Residents of a row of houses worth ‘more than £1.5m’ in Thorpe Bay reportedly called the police on Saturday afternoon after a three-year-old child was spotted using a potty close to their homes.
Furious mum Michelle Garridge, 35, told Southend News Network that two officers approached her and her son Texaquo while he was using the potty as he is currently toilet training.
She said: ‘Tex is learning how to use the toilet at the moment, and we went for a walk to Thorpe Bay today as we like looking out towards the wreck of the SS Montgomery and wondering what would happen if it blew up.’
‘He started grabbing his crotch as we were walking past the green area in front of all those big houses, and so I sat him down quickly to avoid an accident – this is when a couple in their 60’s barged out of one of the houses and asked me ‘what the hell I was doing’ while furiously waving a rolled up copy of the Daily Mail.’
‘I tried explaining the situation to her and her husband, but they wouldn’t have it and went and called the police who arrived within a couple of minutes and told me that I should be a bit more considerate towards others when using the potty in public.’

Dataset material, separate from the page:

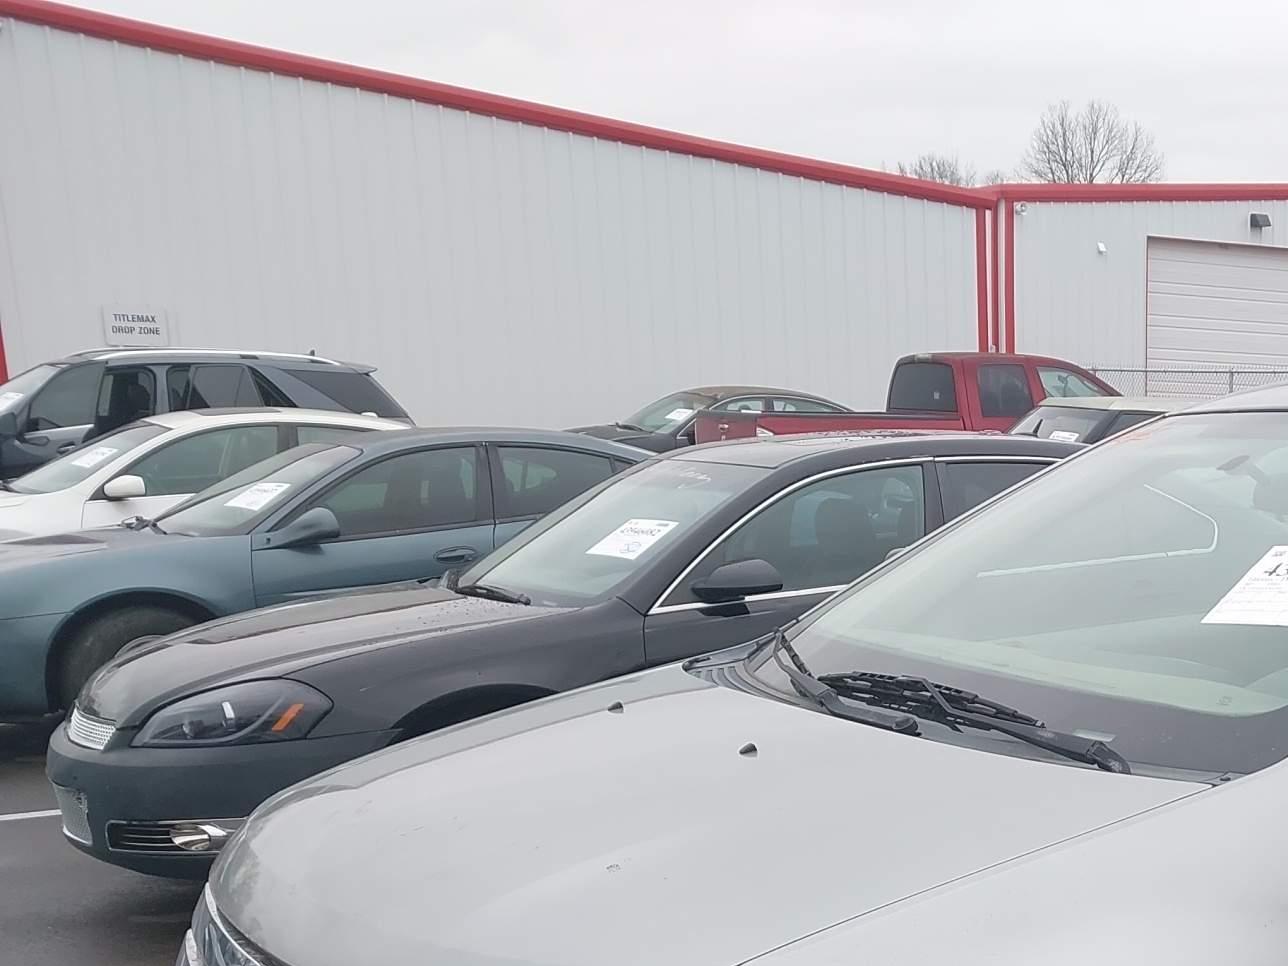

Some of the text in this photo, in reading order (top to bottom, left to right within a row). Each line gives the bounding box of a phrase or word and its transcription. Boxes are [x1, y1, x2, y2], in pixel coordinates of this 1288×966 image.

‘It’s outrageous. He can go on their petunias next time for all I care.’
We approached the couple for a comment, and Jemima Fuch-Weet, 64, said that she was ‘sickened’ by what she witnessed.
She added: ‘When my husband retired from arms dealing and ebola futures trading in 2004, we decided to settle down in Thorpe Bay for the unobstructed sea views – at no time did we shell out more than a million to be confronted with the sight of a toddler having a wazz in the bloody street.’